▸ **Data for the task**

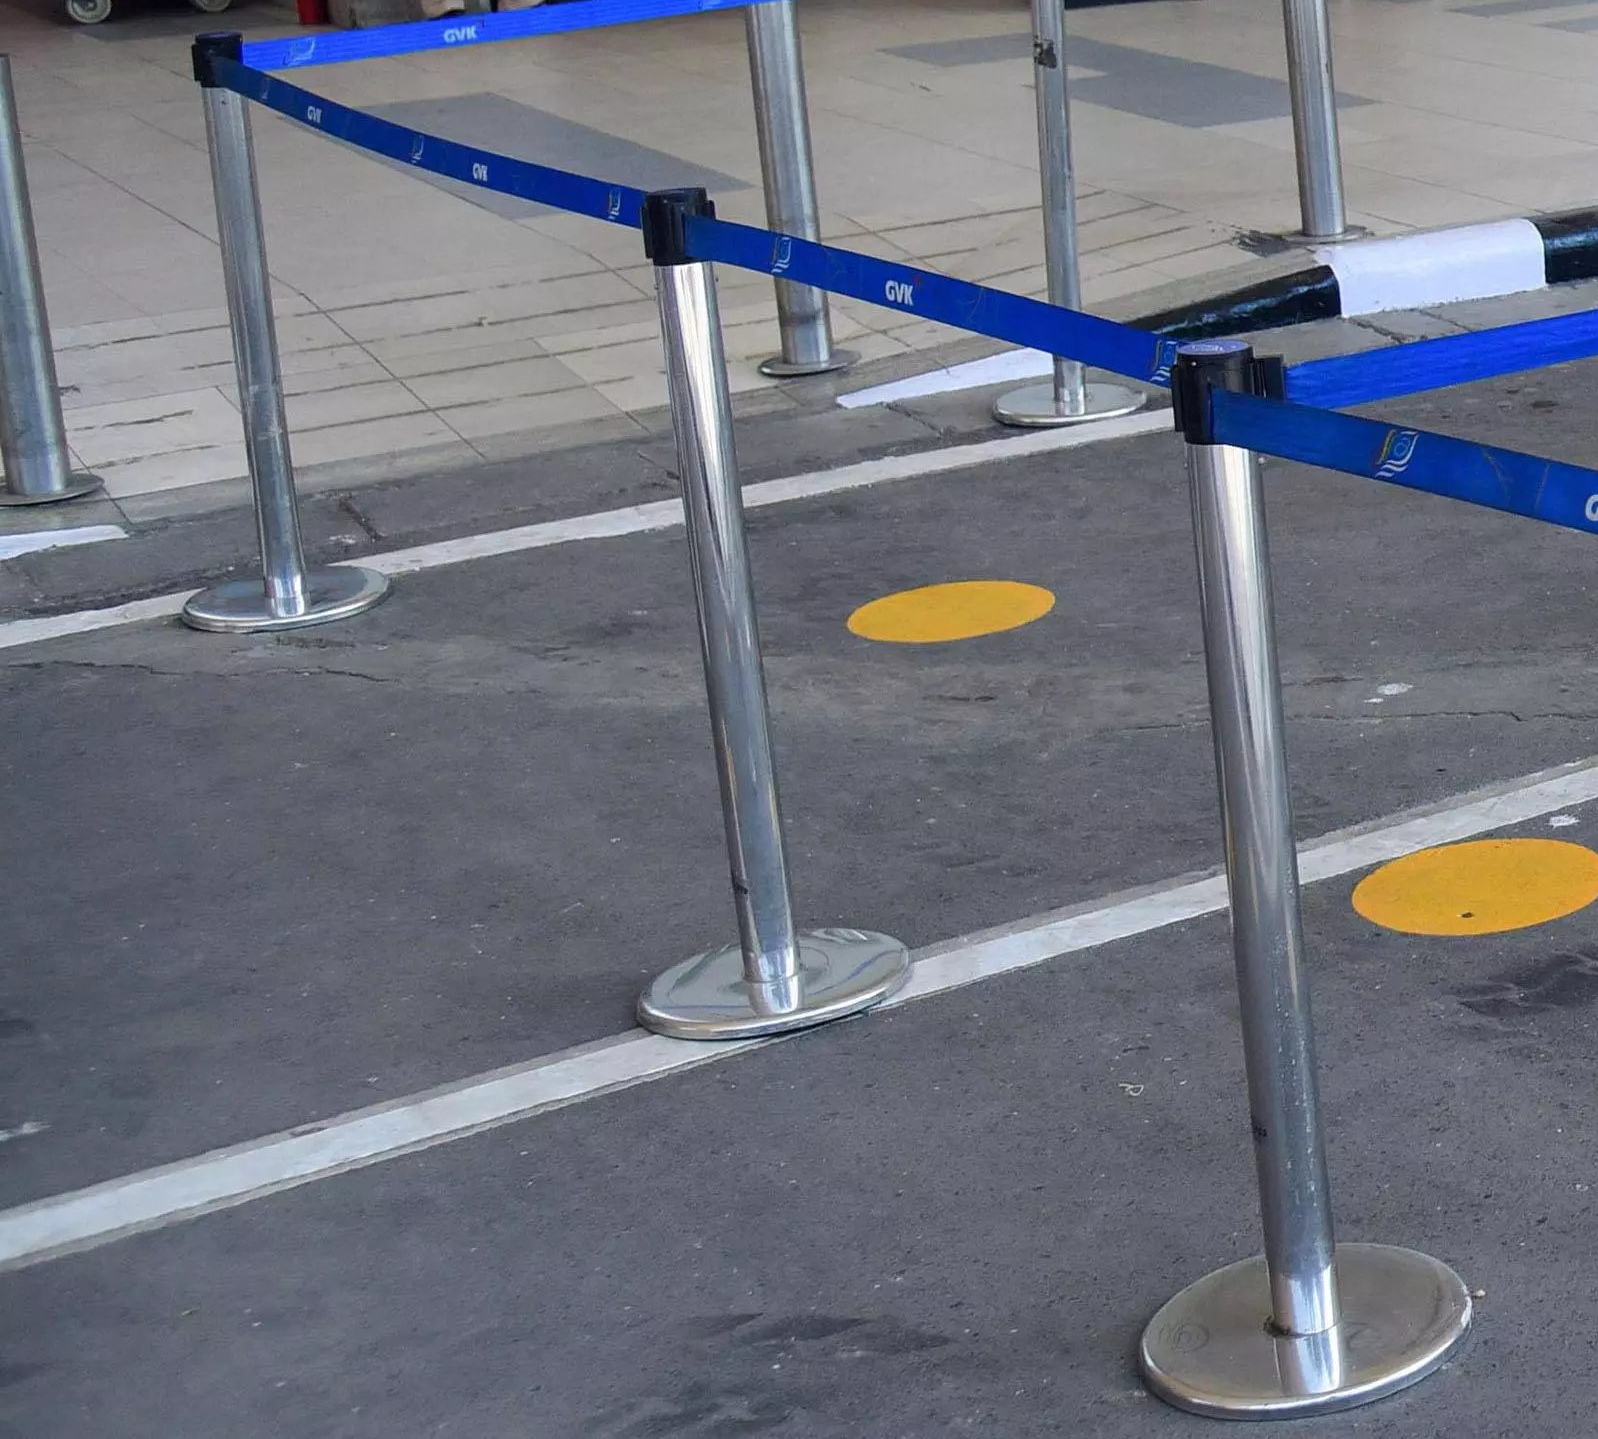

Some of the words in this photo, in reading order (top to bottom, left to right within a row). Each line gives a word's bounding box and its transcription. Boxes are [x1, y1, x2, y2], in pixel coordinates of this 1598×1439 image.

[443, 25, 477, 43] GVK
[307, 105, 322, 124] GVK
[473, 163, 488, 182] GVK
[885, 279, 915, 307] GVK
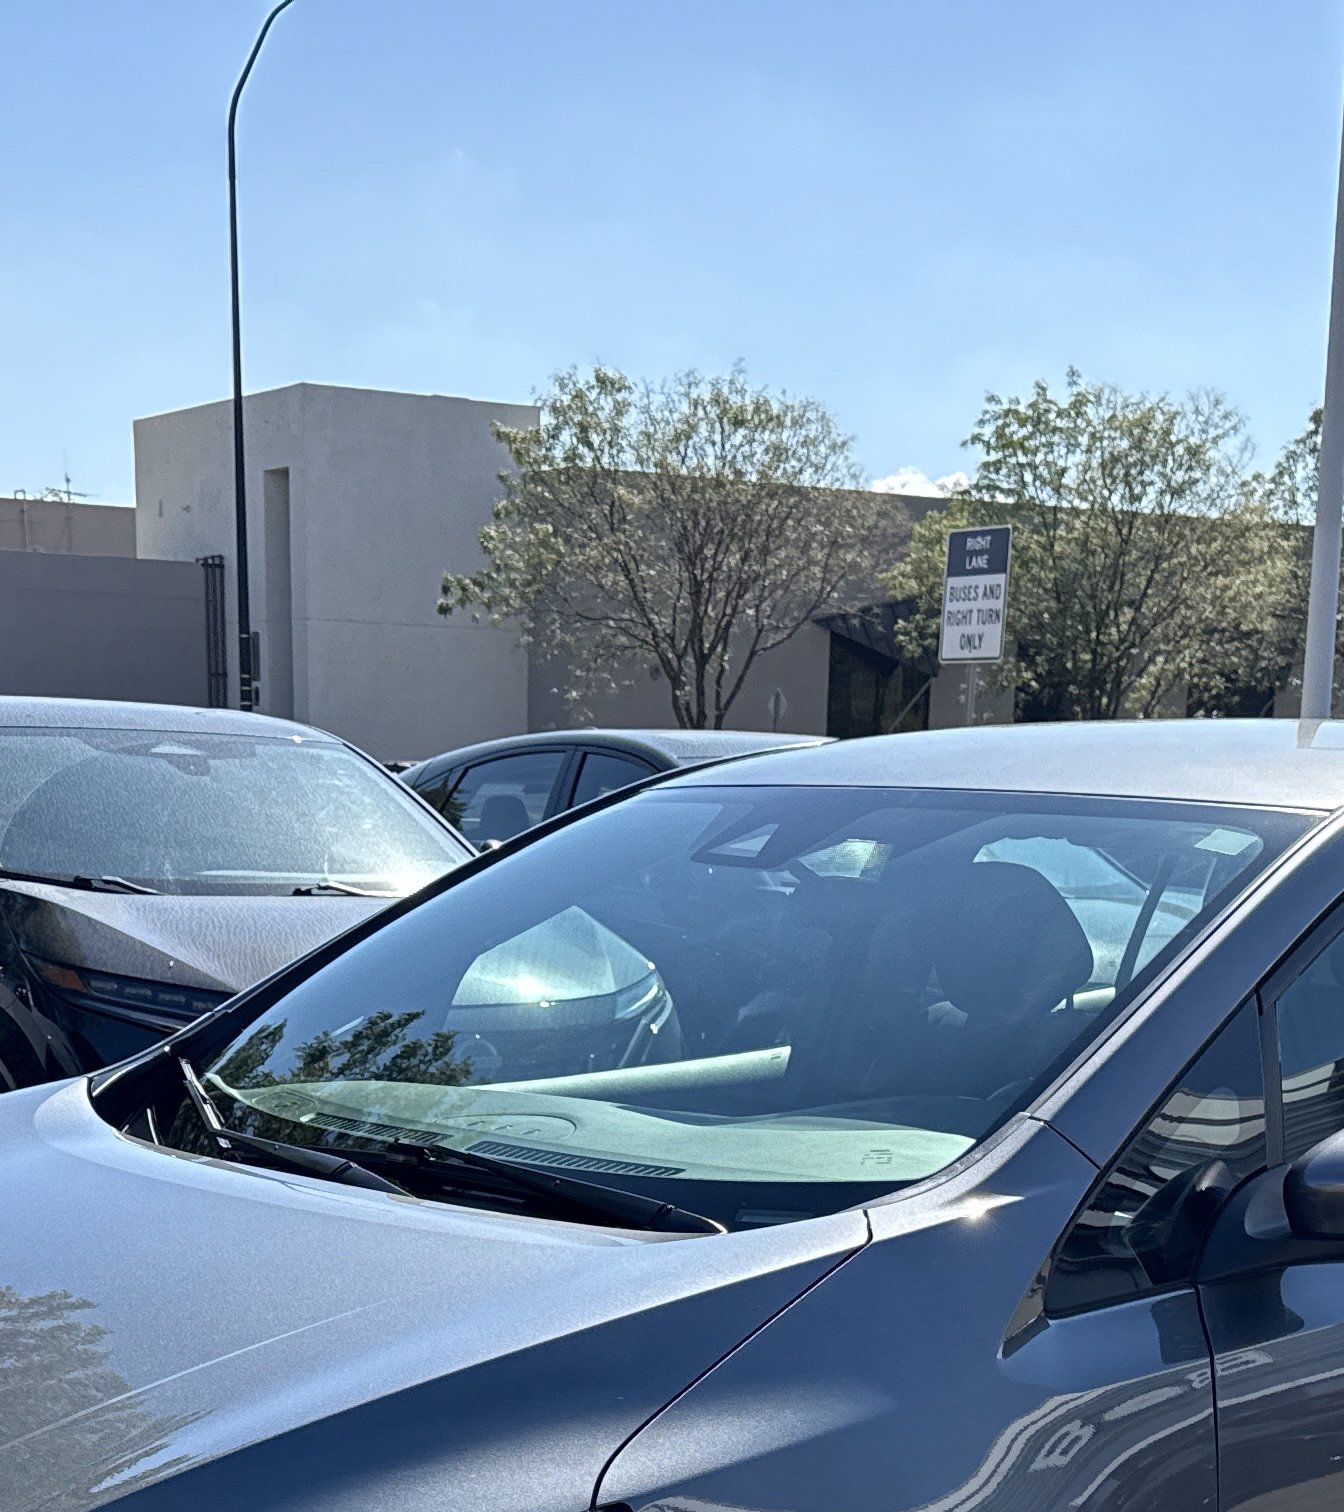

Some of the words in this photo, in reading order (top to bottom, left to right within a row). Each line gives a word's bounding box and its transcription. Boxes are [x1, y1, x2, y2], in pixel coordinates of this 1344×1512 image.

[966, 536, 991, 550] RIGHT
[966, 555, 989, 569] LANE
[949, 584, 979, 602] BUSES
[982, 583, 1002, 601] AND
[946, 609, 973, 626] RIGHT
[976, 608, 1001, 625] TURN
[959, 632, 984, 651] ONLY

▸ **Aim of the task**
Each line from the one containing "this 1344×1512 image." to the final line of the entries above must be returned exactly, and no other line may appear.

▸ **Task result**
Some of the words in this photo, in reading order (top to bottom, left to right within a row). Each line gives a word's bounding box and its transcription. Boxes are [x1, y1, x2, y2], in pixel coordinates of this 1344×1512 image.

[966, 536, 991, 550] RIGHT
[966, 555, 989, 569] LANE
[949, 584, 979, 602] BUSES
[982, 583, 1002, 601] AND
[946, 609, 973, 626] RIGHT
[976, 608, 1001, 625] TURN
[959, 632, 984, 651] ONLY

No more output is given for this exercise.